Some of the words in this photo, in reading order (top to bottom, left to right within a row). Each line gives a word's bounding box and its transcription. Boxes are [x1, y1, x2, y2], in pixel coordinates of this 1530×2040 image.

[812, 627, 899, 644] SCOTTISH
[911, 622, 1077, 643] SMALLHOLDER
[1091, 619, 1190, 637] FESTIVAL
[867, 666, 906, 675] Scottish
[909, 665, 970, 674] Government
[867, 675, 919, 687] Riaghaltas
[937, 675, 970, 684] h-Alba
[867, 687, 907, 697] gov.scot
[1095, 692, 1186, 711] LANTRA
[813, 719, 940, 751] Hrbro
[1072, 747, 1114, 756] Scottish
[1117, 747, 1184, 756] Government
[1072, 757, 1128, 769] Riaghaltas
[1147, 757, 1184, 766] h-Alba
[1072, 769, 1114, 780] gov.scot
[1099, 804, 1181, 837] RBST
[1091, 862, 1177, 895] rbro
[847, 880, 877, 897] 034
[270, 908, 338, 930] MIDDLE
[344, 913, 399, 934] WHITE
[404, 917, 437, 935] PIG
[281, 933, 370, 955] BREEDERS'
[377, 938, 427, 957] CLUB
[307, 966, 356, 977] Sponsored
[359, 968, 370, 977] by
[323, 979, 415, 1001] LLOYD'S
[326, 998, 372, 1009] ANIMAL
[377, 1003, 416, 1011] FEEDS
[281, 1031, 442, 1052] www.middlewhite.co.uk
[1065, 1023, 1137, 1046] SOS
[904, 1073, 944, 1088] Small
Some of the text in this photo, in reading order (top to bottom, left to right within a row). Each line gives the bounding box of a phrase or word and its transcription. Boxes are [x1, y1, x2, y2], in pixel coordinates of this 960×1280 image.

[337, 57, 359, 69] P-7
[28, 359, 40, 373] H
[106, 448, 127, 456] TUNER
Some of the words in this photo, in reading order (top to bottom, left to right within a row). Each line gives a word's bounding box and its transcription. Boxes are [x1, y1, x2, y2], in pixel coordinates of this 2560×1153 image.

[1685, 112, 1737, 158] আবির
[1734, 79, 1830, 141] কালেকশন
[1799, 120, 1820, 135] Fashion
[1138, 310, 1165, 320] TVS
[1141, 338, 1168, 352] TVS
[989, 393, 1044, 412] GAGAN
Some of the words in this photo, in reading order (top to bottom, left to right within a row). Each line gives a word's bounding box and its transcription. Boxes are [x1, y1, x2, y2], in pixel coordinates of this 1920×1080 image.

# HOW TO COMPLETE THIS TASK:
The data above should be copied exactly, with no line omitted.

# RESPONSE BOX:
Some of the words in this photo, in reading order (top to bottom, left to right within a row). Each line gives a word's bounding box and its transcription. Boxes are [x1, y1, x2, y2], in pixel coordinates of this 1530×2040 image.

[812, 627, 899, 644] SCOTTISH
[911, 622, 1077, 643] SMALLHOLDER
[1091, 619, 1190, 637] FESTIVAL
[867, 666, 906, 675] Scottish
[909, 665, 970, 674] Government
[867, 675, 919, 687] Riaghaltas
[937, 675, 970, 684] h-Alba
[867, 687, 907, 697] gov.scot
[1095, 692, 1186, 711] LANTRA
[813, 719, 940, 751] Hrbro
[1072, 747, 1114, 756] Scottish
[1117, 747, 1184, 756] Government
[1072, 757, 1128, 769] Riaghaltas
[1147, 757, 1184, 766] h-Alba
[1072, 769, 1114, 780] gov.scot
[1099, 804, 1181, 837] RBST
[1091, 862, 1177, 895] rbro
[847, 880, 877, 897] 034
[270, 908, 338, 930] MIDDLE
[344, 913, 399, 934] WHITE
[404, 917, 437, 935] PIG
[281, 933, 370, 955] BREEDERS'
[377, 938, 427, 957] CLUB
[307, 966, 356, 977] Sponsored
[359, 968, 370, 977] by
[323, 979, 415, 1001] LLOYD'S
[326, 998, 372, 1009] ANIMAL
[377, 1003, 416, 1011] FEEDS
[281, 1031, 442, 1052] www.middlewhite.co.uk
[1065, 1023, 1137, 1046] SOS
[904, 1073, 944, 1088] Small
Some of the text in this photo, in reading order (top to bottom, left to right within a row). Each line gives the bounding box of a phrase or word and its transcription. Boxes are [x1, y1, x2, y2], in pixel coordinates of this 960×1280 image.

[337, 57, 359, 69] P-7
[28, 359, 40, 373] H
[106, 448, 127, 456] TUNER
Some of the words in this photo, in reading order (top to bottom, left to right within a row). Each line gives a word's bounding box and its transcription. Boxes are [x1, y1, x2, y2], in pixel coordinates of this 2560×1153 image.

[1685, 112, 1737, 158] আবির
[1734, 79, 1830, 141] কালেকশন
[1799, 120, 1820, 135] Fashion
[1138, 310, 1165, 320] TVS
[1141, 338, 1168, 352] TVS
[989, 393, 1044, 412] GAGAN
Some of the words in this photo, in reading order (top to bottom, left to right within a row). Each line gives a word's bounding box and its transcription. Boxes are [x1, y1, x2, y2], in pixel coordinates of this 1920×1080 image.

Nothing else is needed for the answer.